Saved data entries
☆ ☆ ☆

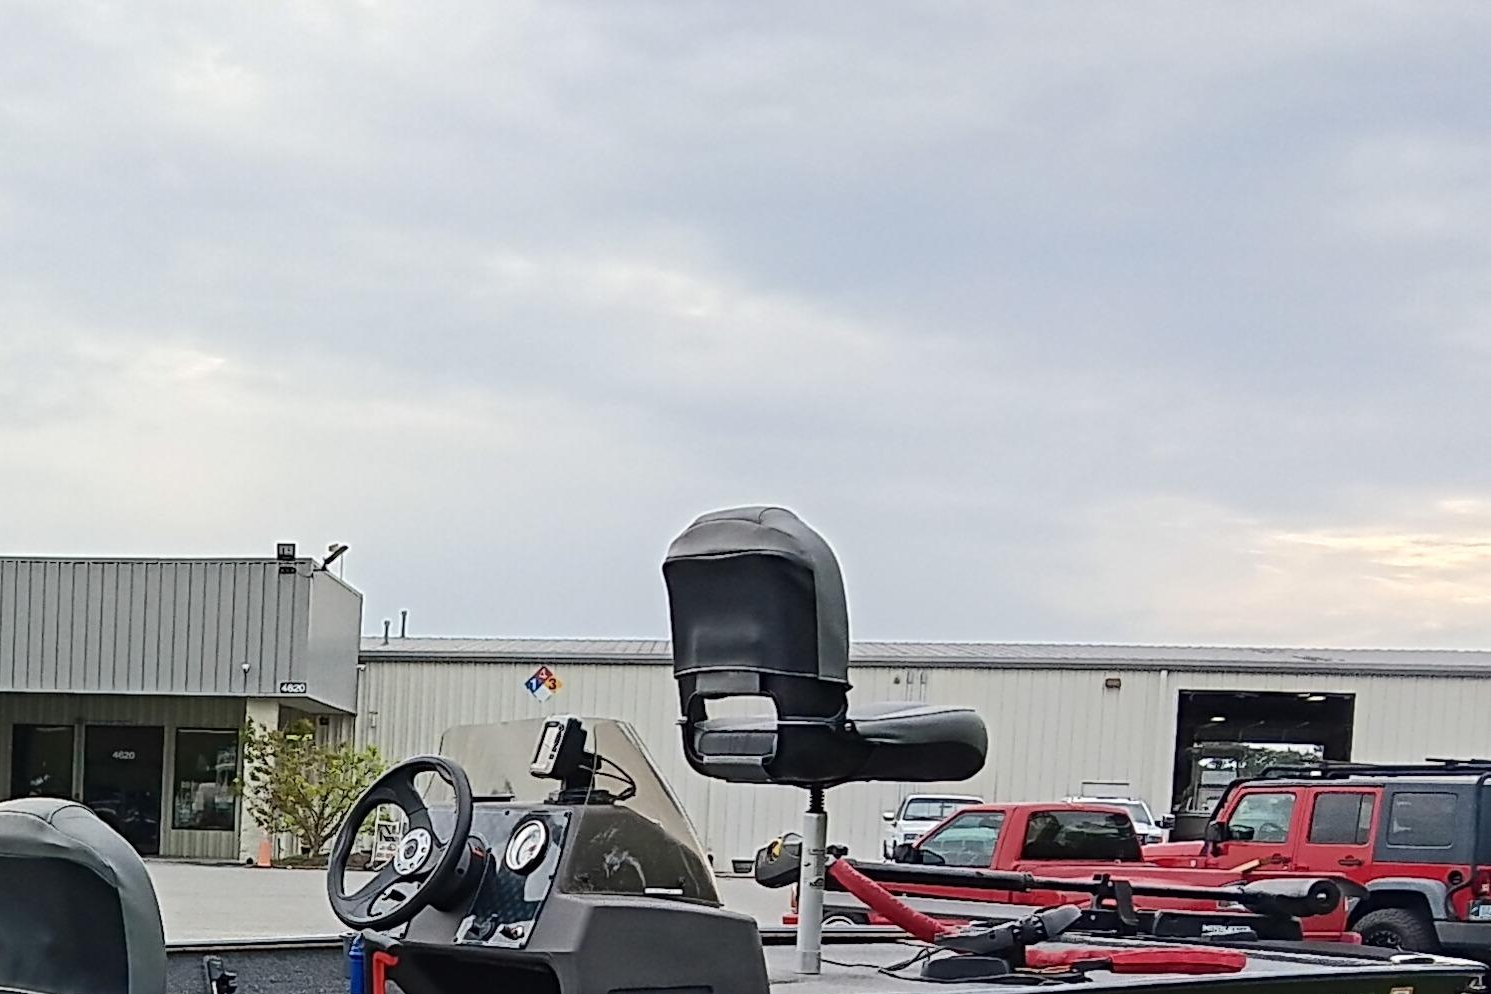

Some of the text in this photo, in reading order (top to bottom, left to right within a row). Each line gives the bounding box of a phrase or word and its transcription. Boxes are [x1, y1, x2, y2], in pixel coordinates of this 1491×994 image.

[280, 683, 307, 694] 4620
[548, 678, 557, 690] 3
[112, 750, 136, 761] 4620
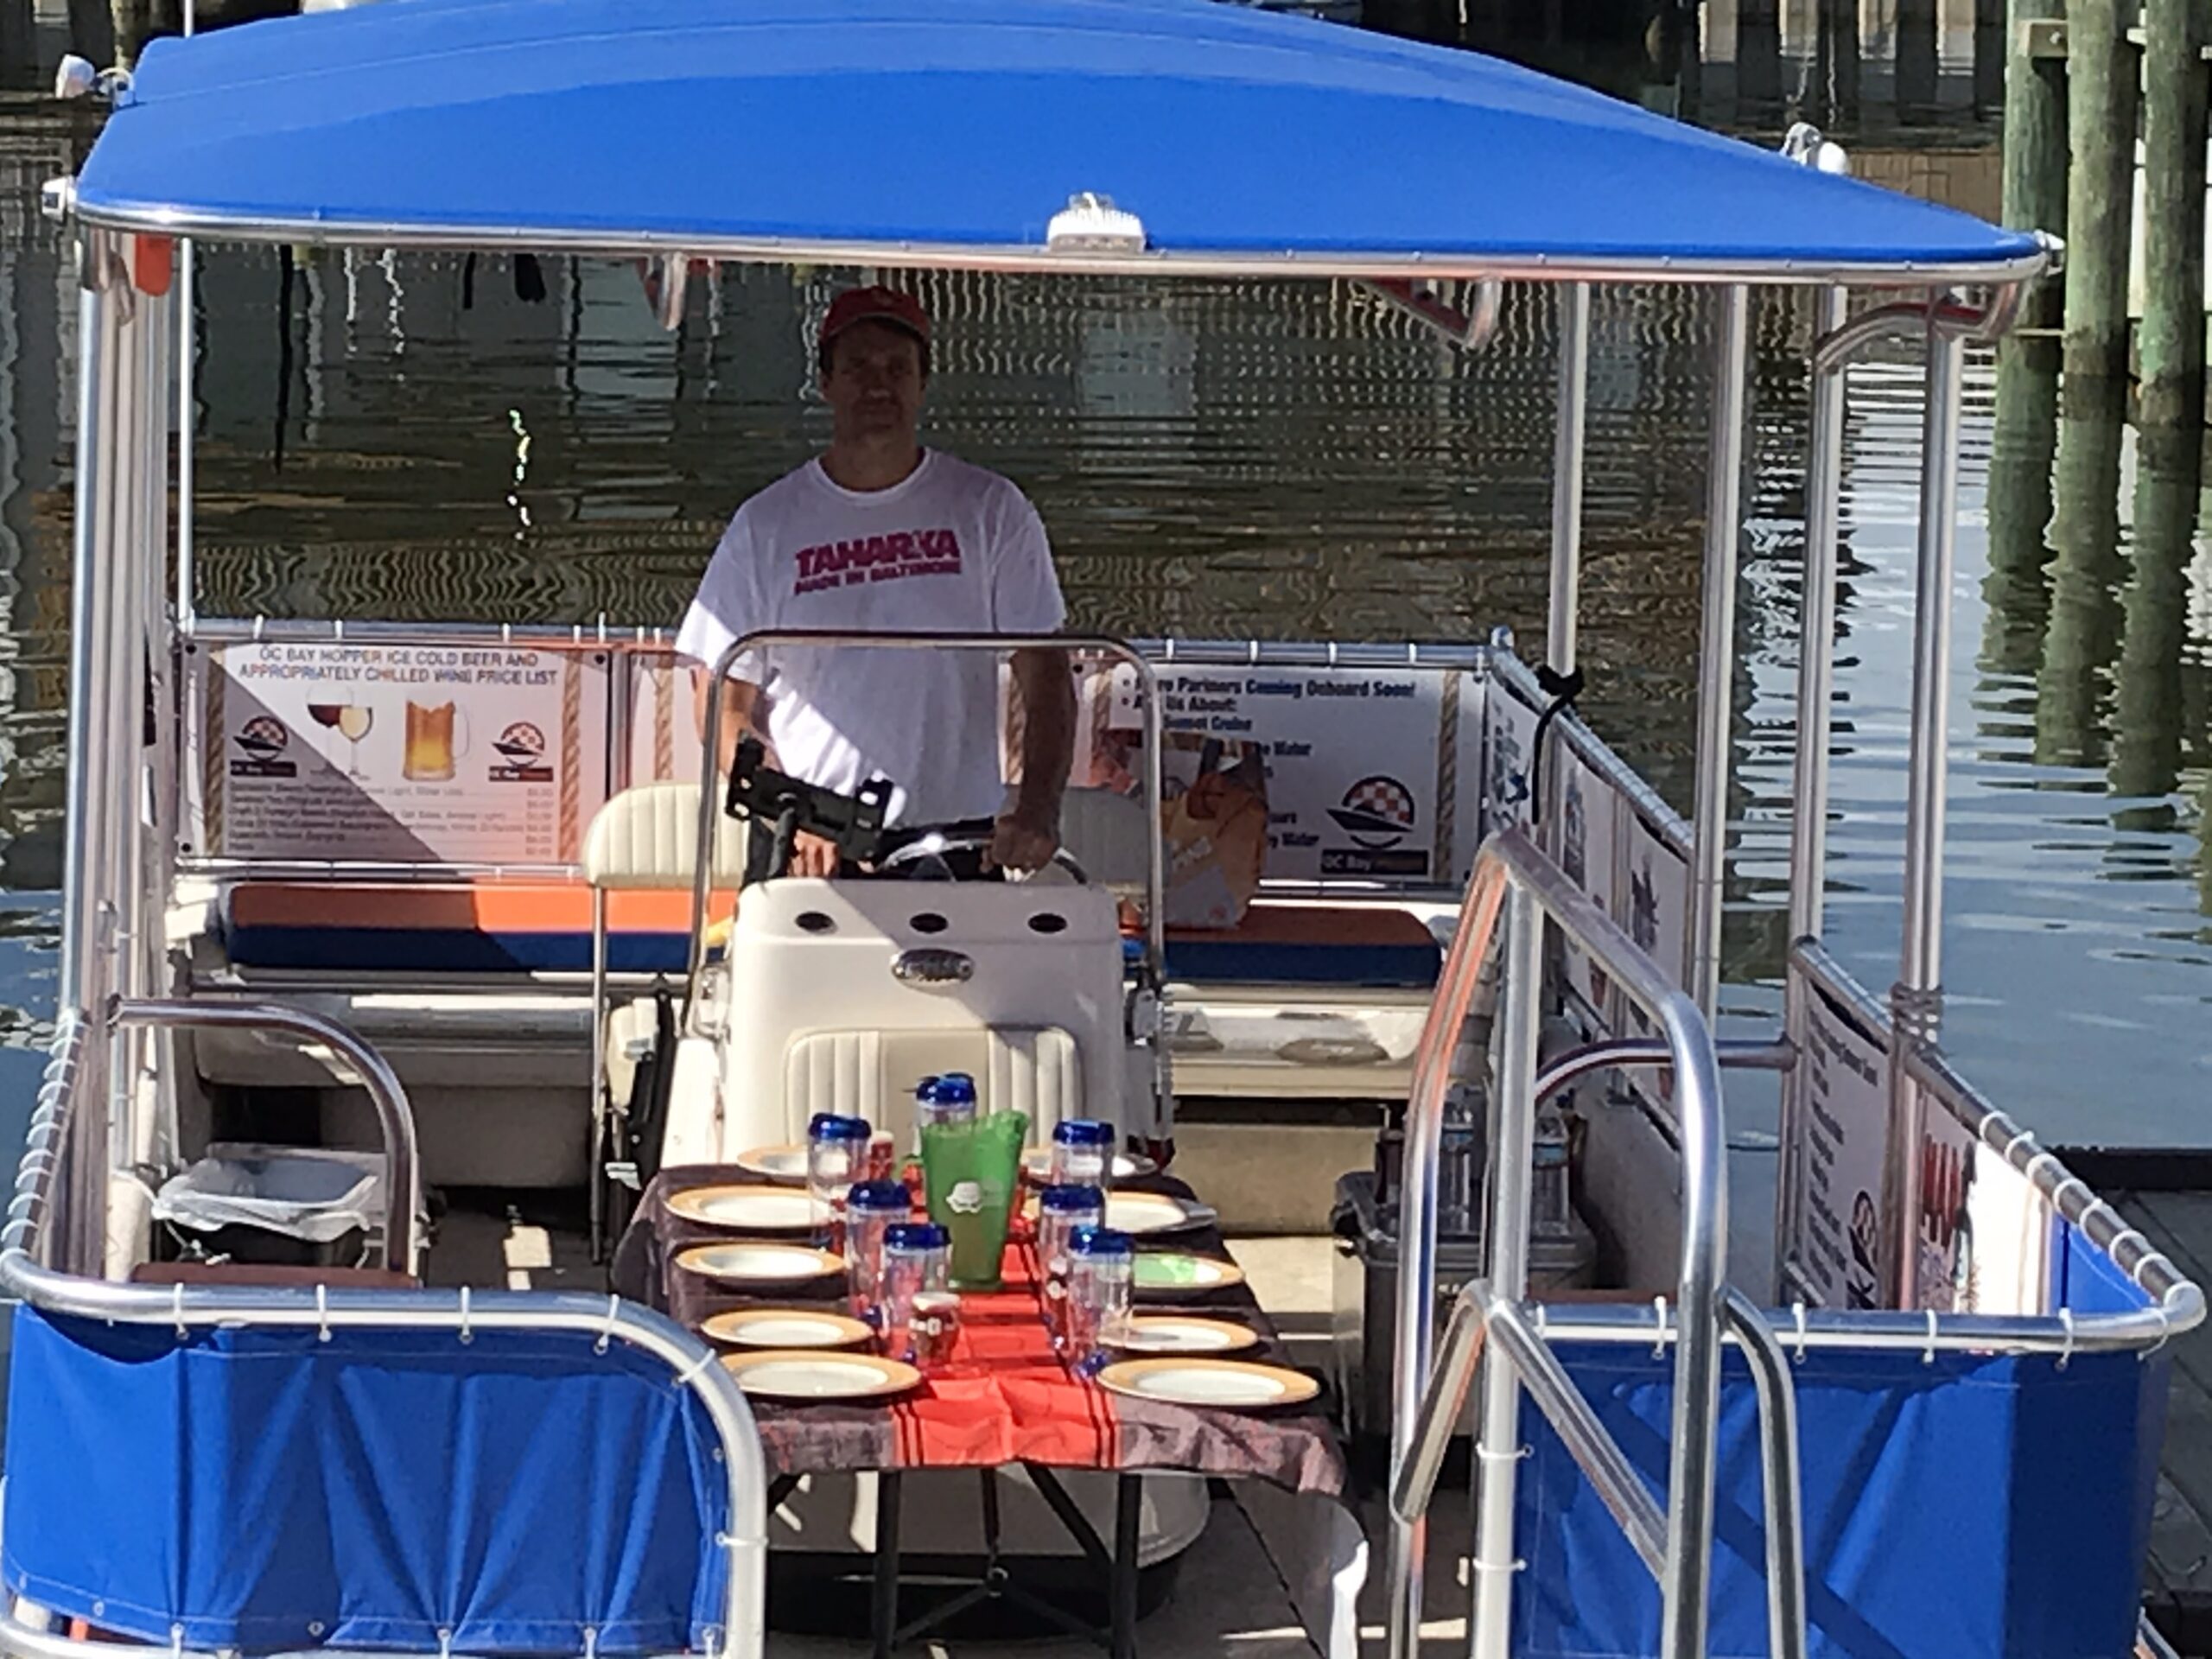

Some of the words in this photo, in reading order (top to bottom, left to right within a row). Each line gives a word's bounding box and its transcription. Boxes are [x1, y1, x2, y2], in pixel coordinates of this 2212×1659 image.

☆ ☆ ☆

**TASK TO CARRY OUT:** Each record should be copied exactly, and each image left out.

**FINAL ANSWER:**
Some of the text in this photo, in reading order (top to bottom, left to right within a row). Each line gives the bounding box of a phrase or word and its transcription. Boxes are [x1, y1, x2, y2], in pixel coordinates of this 1491×994 image.

[280, 683, 307, 694] 4620
[548, 678, 557, 690] 3
[112, 750, 136, 761] 4620

Some of the words in this photo, in reading order (top to bottom, left to right within a row). Each line gives a word's bounding box and its transcription. Boxes are [x1, y1, x2, y2], in pixel coordinates of this 2212×1659 image.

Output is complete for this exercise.